I'd be very curious to know if it's possible for an automated tool to perfectly detect ABI breakage.
It would be impossible to do so perfectly for a turing complete language. You could get close by running the previous minor version's test suite against the new update, but that would essentially make the package repository into a continuous integration server, which is expensive to maintain. There's another, less perfect way of detecting API breakage, which is to use the rustdoc tool to export the projects documentation as json. This would let cargo detect whether items had been added, removed or renamed, which covers a large number of cases in which API compatibility is broken. If it encourages developers to up the version number rather than fix the flagged incompatibilities, then it will also drastically reduce the number of incompatibilities in the package repository that can't be detected by rustdoc. While it's impossible to completely eliminate the human element in upholding the version number contract, software can limit the number of errors in the system.
> which is to use the rustdoc tool to export the projects documentation as json.
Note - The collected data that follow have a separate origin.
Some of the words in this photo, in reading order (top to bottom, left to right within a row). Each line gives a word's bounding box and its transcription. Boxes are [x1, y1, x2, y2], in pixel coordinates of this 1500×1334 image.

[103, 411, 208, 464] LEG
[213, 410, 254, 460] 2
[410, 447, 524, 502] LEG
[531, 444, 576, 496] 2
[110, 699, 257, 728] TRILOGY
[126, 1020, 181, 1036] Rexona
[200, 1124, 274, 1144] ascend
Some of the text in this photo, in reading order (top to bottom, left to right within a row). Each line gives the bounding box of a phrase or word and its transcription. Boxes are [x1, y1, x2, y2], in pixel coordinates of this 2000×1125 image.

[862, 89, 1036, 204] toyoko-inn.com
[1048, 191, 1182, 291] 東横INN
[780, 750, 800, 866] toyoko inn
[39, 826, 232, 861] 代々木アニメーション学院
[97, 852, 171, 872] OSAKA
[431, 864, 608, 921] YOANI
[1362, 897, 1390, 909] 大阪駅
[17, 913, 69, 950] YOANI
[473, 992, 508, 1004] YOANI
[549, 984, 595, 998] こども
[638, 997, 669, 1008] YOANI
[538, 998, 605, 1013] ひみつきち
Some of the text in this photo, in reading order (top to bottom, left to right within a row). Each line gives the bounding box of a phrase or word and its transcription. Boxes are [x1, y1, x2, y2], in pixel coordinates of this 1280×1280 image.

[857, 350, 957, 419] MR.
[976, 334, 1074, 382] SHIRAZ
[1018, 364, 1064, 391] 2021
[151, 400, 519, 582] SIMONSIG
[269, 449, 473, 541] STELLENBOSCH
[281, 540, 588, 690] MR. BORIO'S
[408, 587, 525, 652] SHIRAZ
Side note: it already does this by defaut: http://doc.rust-lang.org/search-index.js

I'm not sure if that's enough information to do this analysis, but the basics are there! I've opened an issue: https://github.com/rust-lang/cargo/issues/47

How hard would it be to get usable type signatures out of the compiler as well? It seems like diffing two sets of type signatures would capture everything but purely semantic api incompatibility. Also seems like "here's a machine-readable version of all the types in this package" is a useful thing for a compiler toolchain to produce.

Because, of course, Mozilla is paying you to sit around on your hands.

It shouldn't be that bad, given the need for the compiler to export an AST.